Treasury Wine Estates has reported a sharp interim loss and a deeper-than-expected goodwill writedown in the United States, sending shares lower again. The group has also cancelled its dividend as it focuses on cutting debt and rebuilding earnings momentum.

Treasury Wine Estates has reported a sharp interim loss and a deeper-than-expected goodwill writedown in the United States, sending shares lower again. The group has also cancelled its dividend as it focuses on cutting debt and rebuilding earnings momentum.

Can it get any bleaker for shareholders in Treasury Wine Estates?

They must be hoping that the interim results to the end of December mark a low point in the group’s fortunes. After the share price was halved last year, it has fallen by a further 5% after issuing dismal numbers.

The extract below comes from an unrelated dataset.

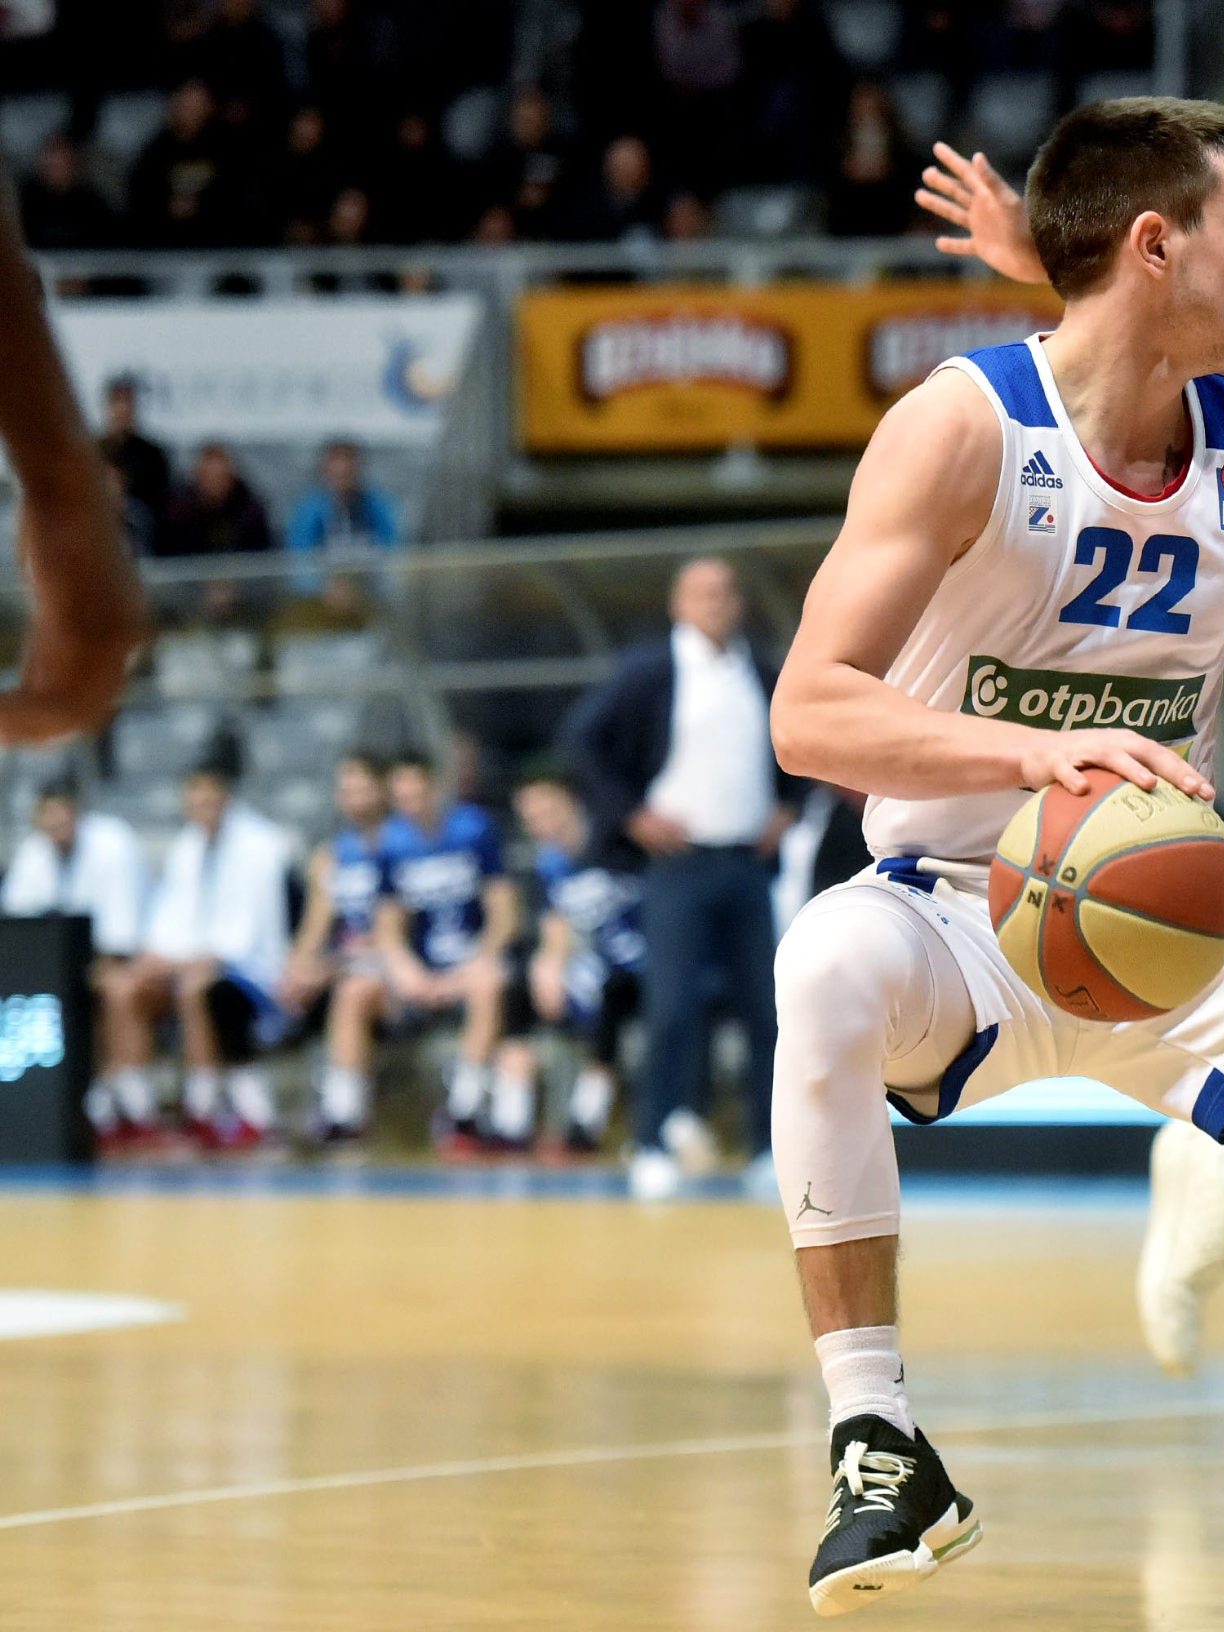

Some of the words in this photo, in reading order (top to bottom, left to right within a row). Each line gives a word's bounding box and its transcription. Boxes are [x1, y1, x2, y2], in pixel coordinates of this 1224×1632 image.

[1020, 473, 1064, 489] adidas
[1058, 526, 1200, 635] 22
[1018, 681, 1200, 732] otpbanka

Treasury made a AU$649.4 million (£335 million) loss for the half-year and increased the size of the cost of its goodwill writedown in the US by taking AU$770.5 million hit, even larger than it suggested in December.

Earnings slump despite stripping out writedowns

Stripping out those big writedowns, Treasury’s overall earnings were down 40% to AU$236.4 million on a 17% nosedive in revenue to A$1.3 billion.

This is Treasury’s first half-year loss since the company split from the Foster’s brewing group in 2011 after previously being known as Southcorp.

Dividend cancelled as debt reduction takes priority

Worse for shareholders, after paying a dividend of 20 cents at this time last year, Treasury has axed its dividend with no promise of when payments will be resumed.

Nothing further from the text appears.